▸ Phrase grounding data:
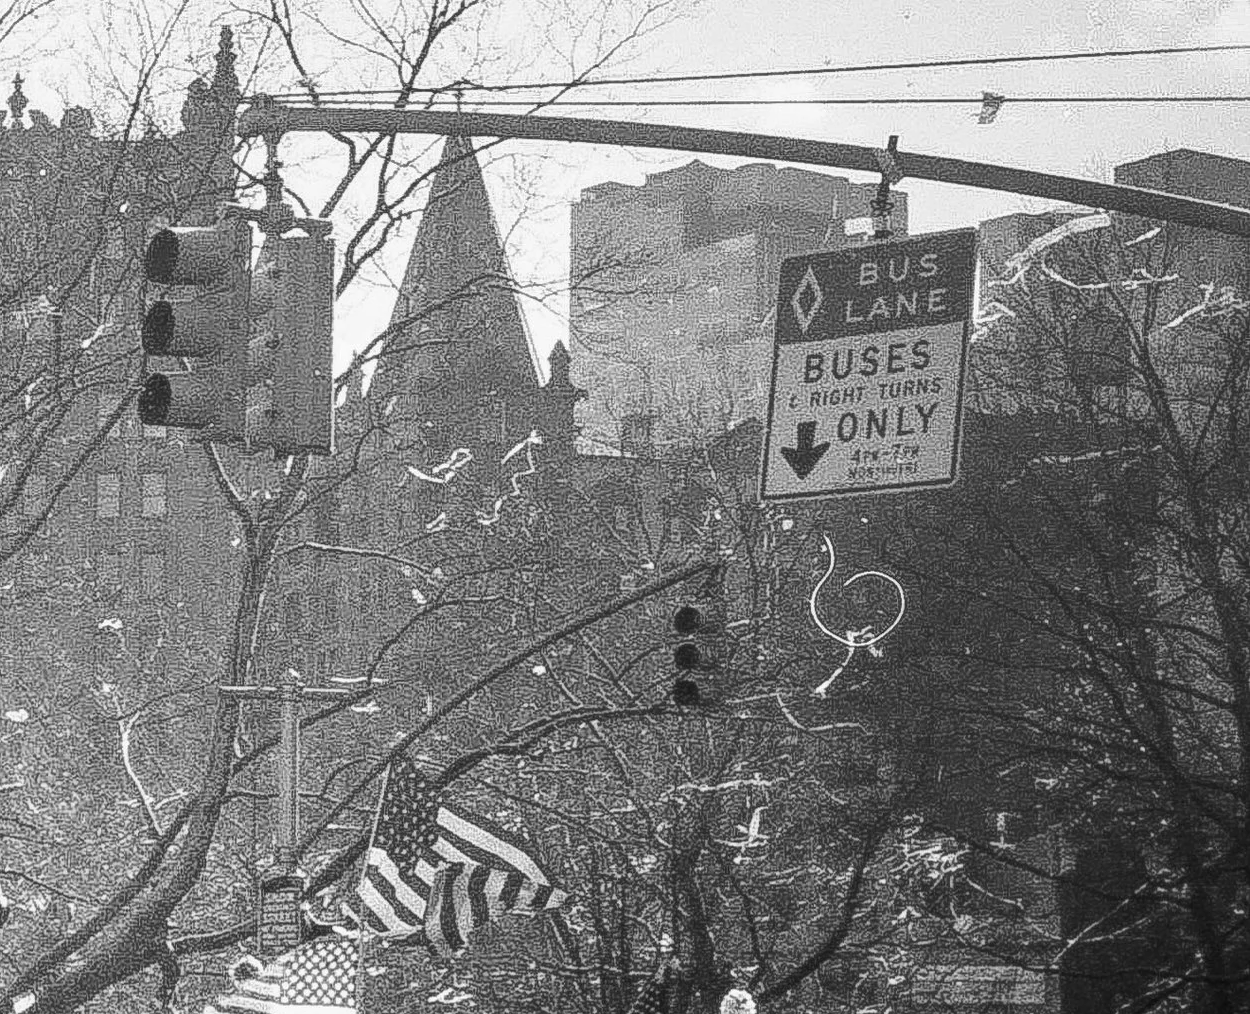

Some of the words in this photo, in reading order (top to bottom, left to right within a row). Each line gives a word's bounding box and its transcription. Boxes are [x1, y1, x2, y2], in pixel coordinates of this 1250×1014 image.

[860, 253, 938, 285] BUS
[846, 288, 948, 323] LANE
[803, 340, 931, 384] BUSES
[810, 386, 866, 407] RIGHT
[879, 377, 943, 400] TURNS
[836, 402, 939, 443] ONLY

▸ AIM OF THE EXERCISE: All entries need to be duplicated exactly, apart from the images.

▸ REPLY TO THE TASK:
Some of the words in this photo, in reading order (top to bottom, left to right within a row). Each line gives a word's bounding box and its transcription. Boxes are [x1, y1, x2, y2], in pixel coordinates of this 1250×1014 image.

[860, 253, 938, 285] BUS
[846, 288, 948, 323] LANE
[803, 340, 931, 384] BUSES
[810, 386, 866, 407] RIGHT
[879, 377, 943, 400] TURNS
[836, 402, 939, 443] ONLY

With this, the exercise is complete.